Although the records contain pictures, only their text should be reproduced, exactly as written.

Start of DATA SHOWN

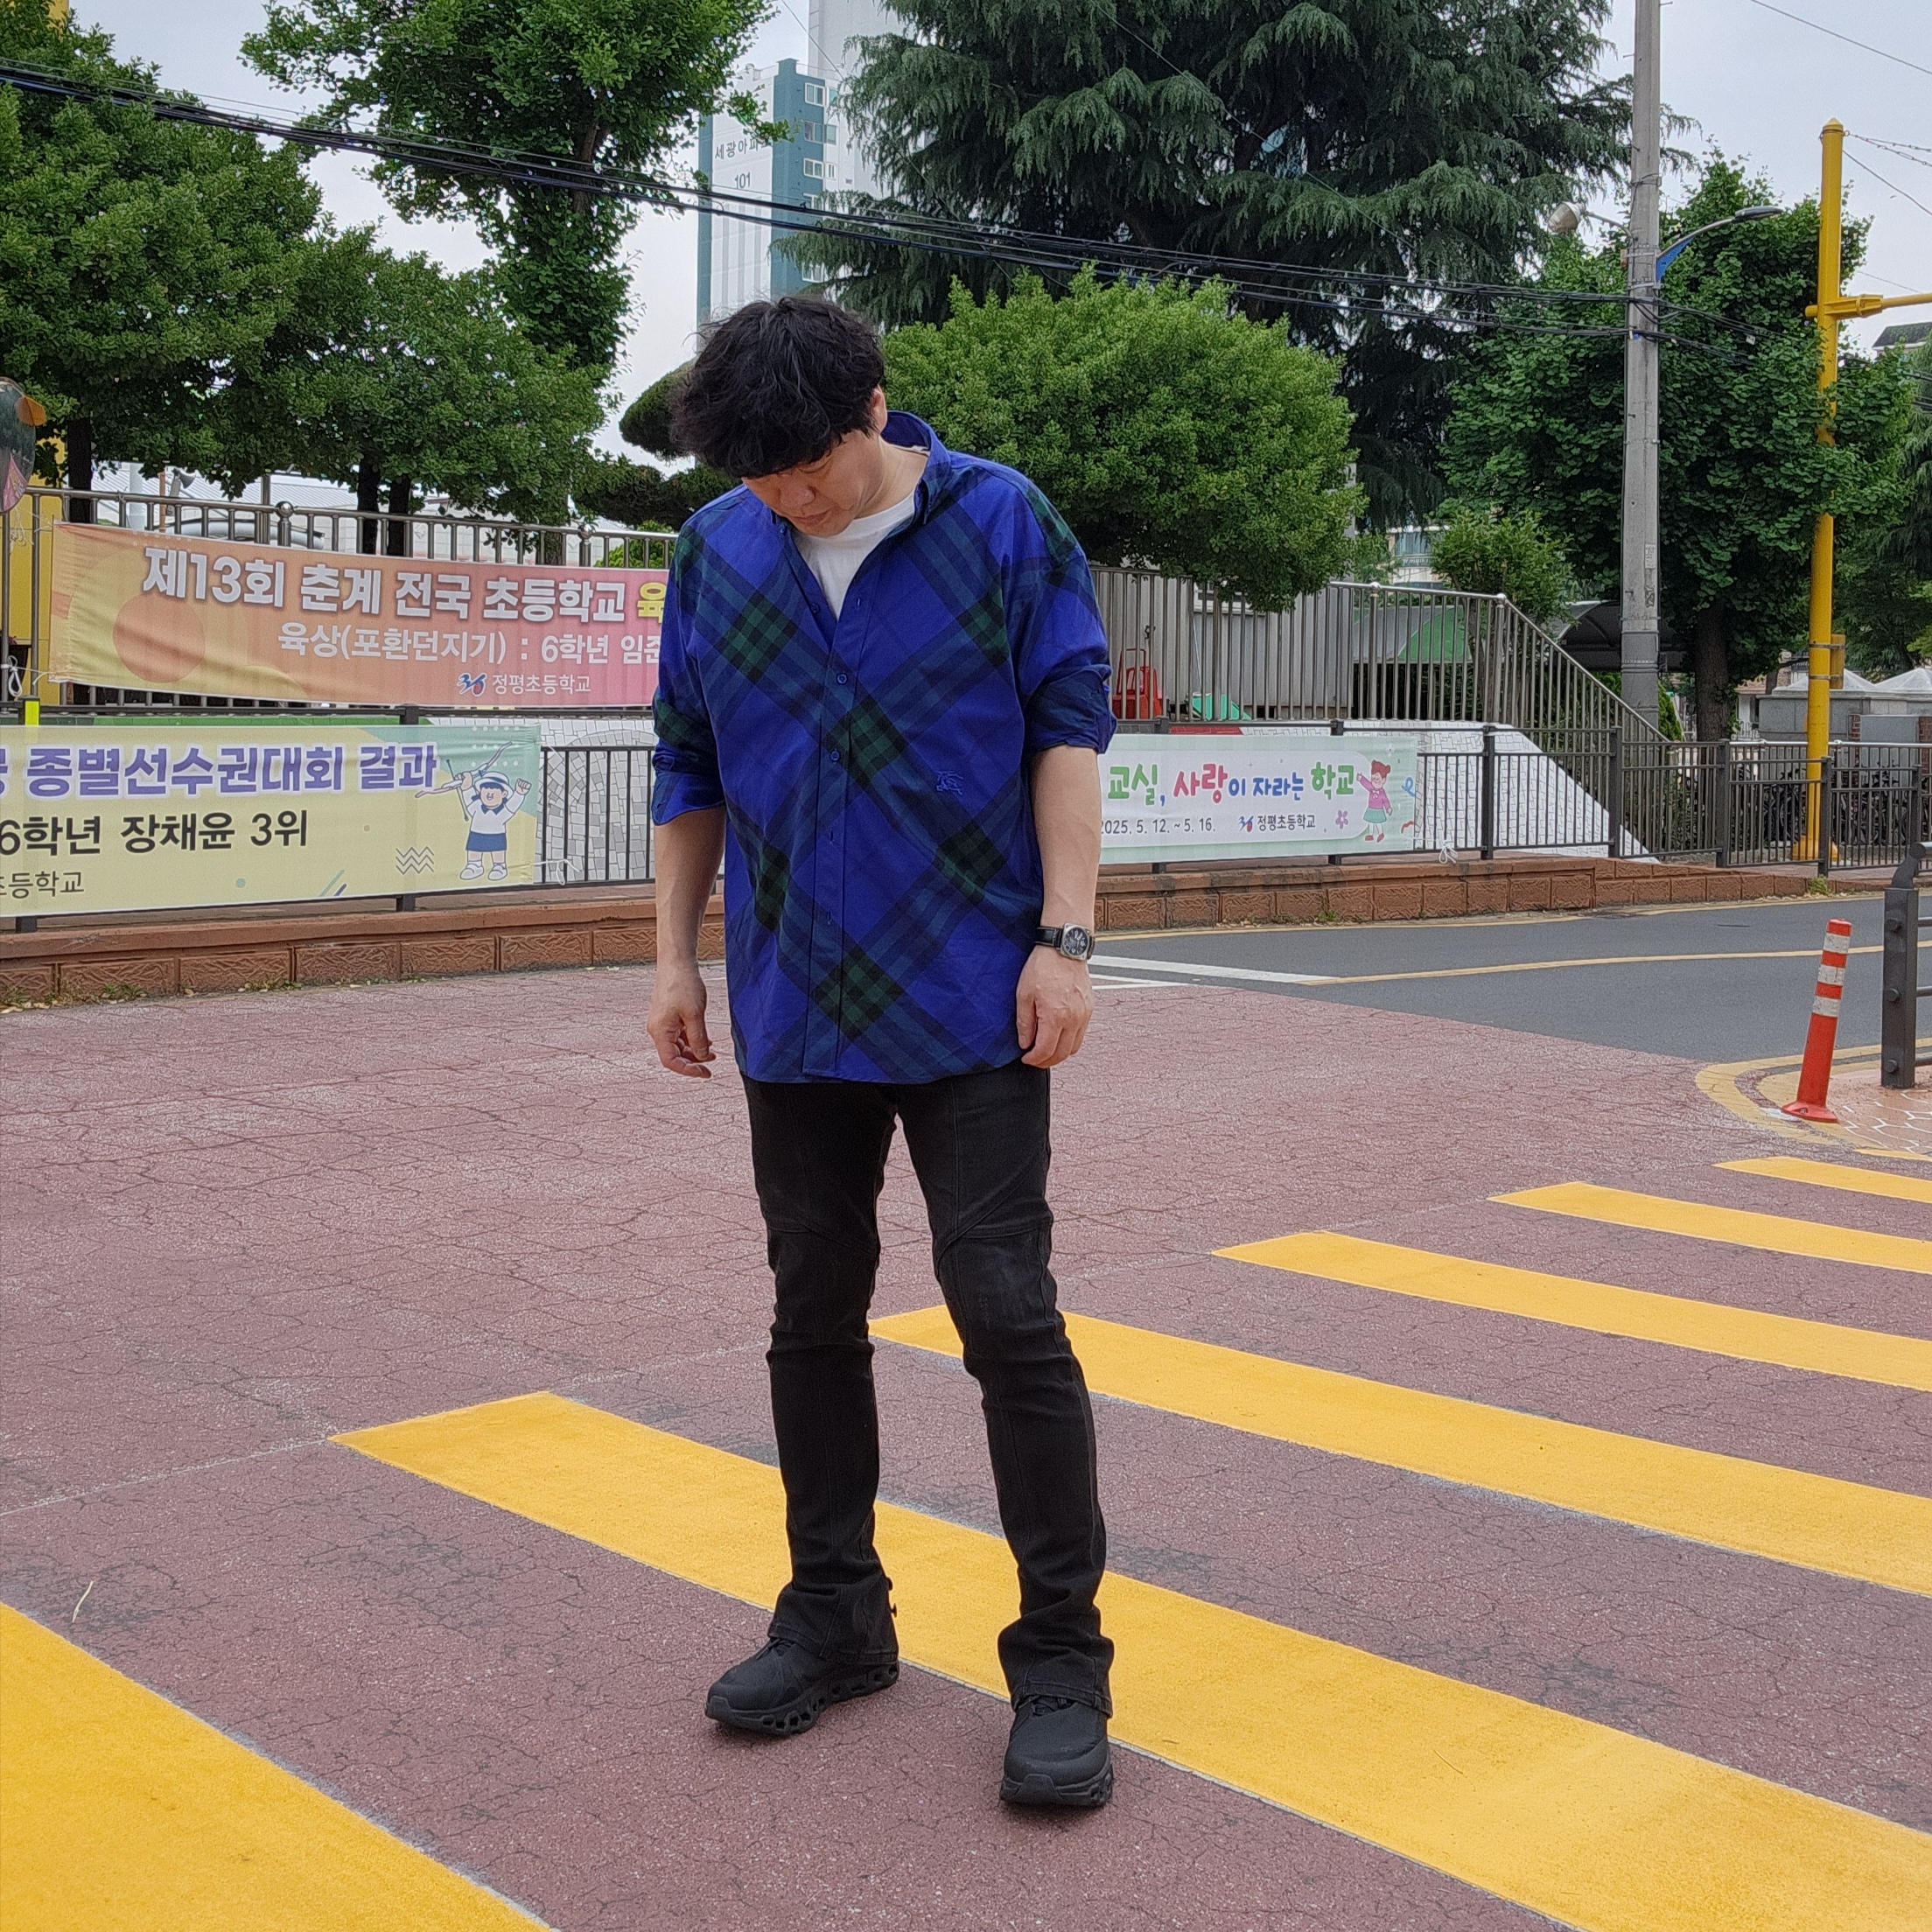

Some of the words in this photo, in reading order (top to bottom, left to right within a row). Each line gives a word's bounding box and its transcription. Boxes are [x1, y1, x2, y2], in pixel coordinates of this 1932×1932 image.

[715, 138, 773, 160] 세광아파
[734, 172, 750, 189] 101
[143, 547, 284, 607] 제13회
[301, 564, 381, 613] 춘계
[396, 571, 471, 619] 전국
[483, 577, 625, 623] 초등학교
[278, 621, 506, 664] 육상(포환던지기)
[541, 634, 608, 664] 6학년
[492, 674, 591, 695] 정평초등학교
[27, 746, 343, 797] 종별선수권대회
[360, 746, 437, 790] 결과
[1108, 764, 1165, 806] 교실,
[1173, 763, 1246, 803] 사랑이
[1253, 772, 1304, 801] 자라는
[1311, 761, 1354, 801] 학교
[0, 815, 101, 856] 6학년
[121, 812, 235, 853] 장채윤
[250, 809, 307, 846] 3위
[1257, 814, 1315, 831] 정평초등학교

End of DATA SHOWN

> WRITTEN RESPONSE:
Some of the words in this photo, in reading order (top to bottom, left to right within a row). Each line gives a word's bounding box and its transcription. Boxes are [x1, y1, x2, y2], in pixel coordinates of this 1932×1932 image.

[715, 138, 773, 160] 세광아파
[734, 172, 750, 189] 101
[143, 547, 284, 607] 제13회
[301, 564, 381, 613] 춘계
[396, 571, 471, 619] 전국
[483, 577, 625, 623] 초등학교
[278, 621, 506, 664] 육상(포환던지기)
[541, 634, 608, 664] 6학년
[492, 674, 591, 695] 정평초등학교
[27, 746, 343, 797] 종별선수권대회
[360, 746, 437, 790] 결과
[1108, 764, 1165, 806] 교실,
[1173, 763, 1246, 803] 사랑이
[1253, 772, 1304, 801] 자라는
[1311, 761, 1354, 801] 학교
[0, 815, 101, 856] 6학년
[121, 812, 235, 853] 장채윤
[250, 809, 307, 846] 3위
[1257, 814, 1315, 831] 정평초등학교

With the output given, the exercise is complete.